Many different malware tend to patch or insert entries into the Windows Registry in order to be automatically launched after each reboot.
And the number of “creative” ideas these malware authors come up with doesn’t seem to cease anytime soon. Nowadays, we see that the methods of installation are getting more elaborate and tricky.
Lets take an example of a recent USB worm that was analysed by SophosLabs – W32/Autorun-BBI. It goes about creating a registry entry for itself in the following two separate steps:
The worm first copies itself to <System>\WormNameOnDisk.exe and creates the following registry entry:
HKLM\Software\Microsoft\Windows\CurrentVersion\Run "conime.exe" "conime.exe"
So, at first glance, the worm creates a registry entry for the program “conime.exe” to be launched upon Windows logon. Now “conime.exe” is a legitimate Microsoft application and it doesn’t get patched in any dodgy way by this worm.
What could be the purpose of this modification?

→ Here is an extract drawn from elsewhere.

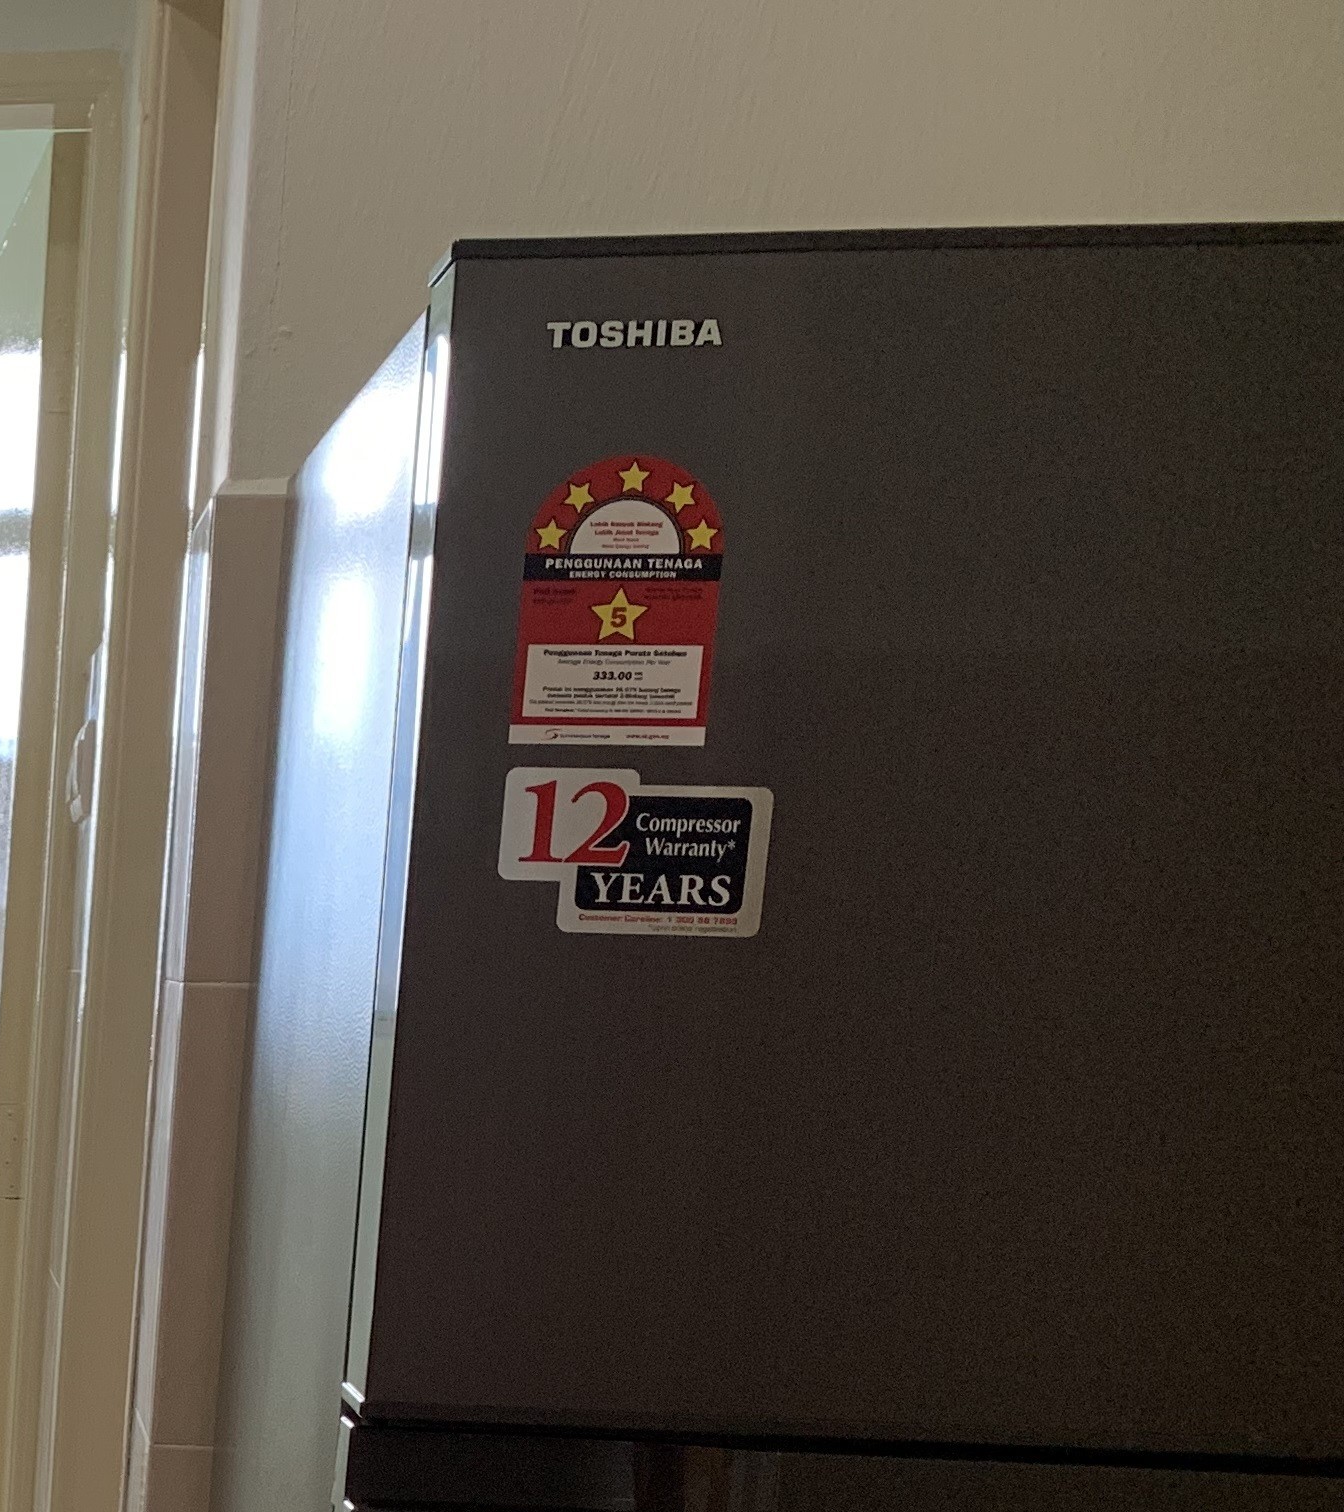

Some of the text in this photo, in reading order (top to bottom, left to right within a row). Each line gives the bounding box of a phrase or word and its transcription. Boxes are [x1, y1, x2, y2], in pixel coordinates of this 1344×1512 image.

The trick lies in the creation of the second registry entry:
HKLM\Software\Microsoft\Windows NT\CurrentVersion\ Image File Execution Options\conime.exe "Debugger" "WormNameOnDisk.exe"
In this instance, Windows will associate a debugger application “WormNameOnDisk.exe” with the module “conime.exe”. When the module is run, Windows will in turn run the debugger application, thereby causing the worm to run indirectly.
The only question left: How many registry tricks like this are possible?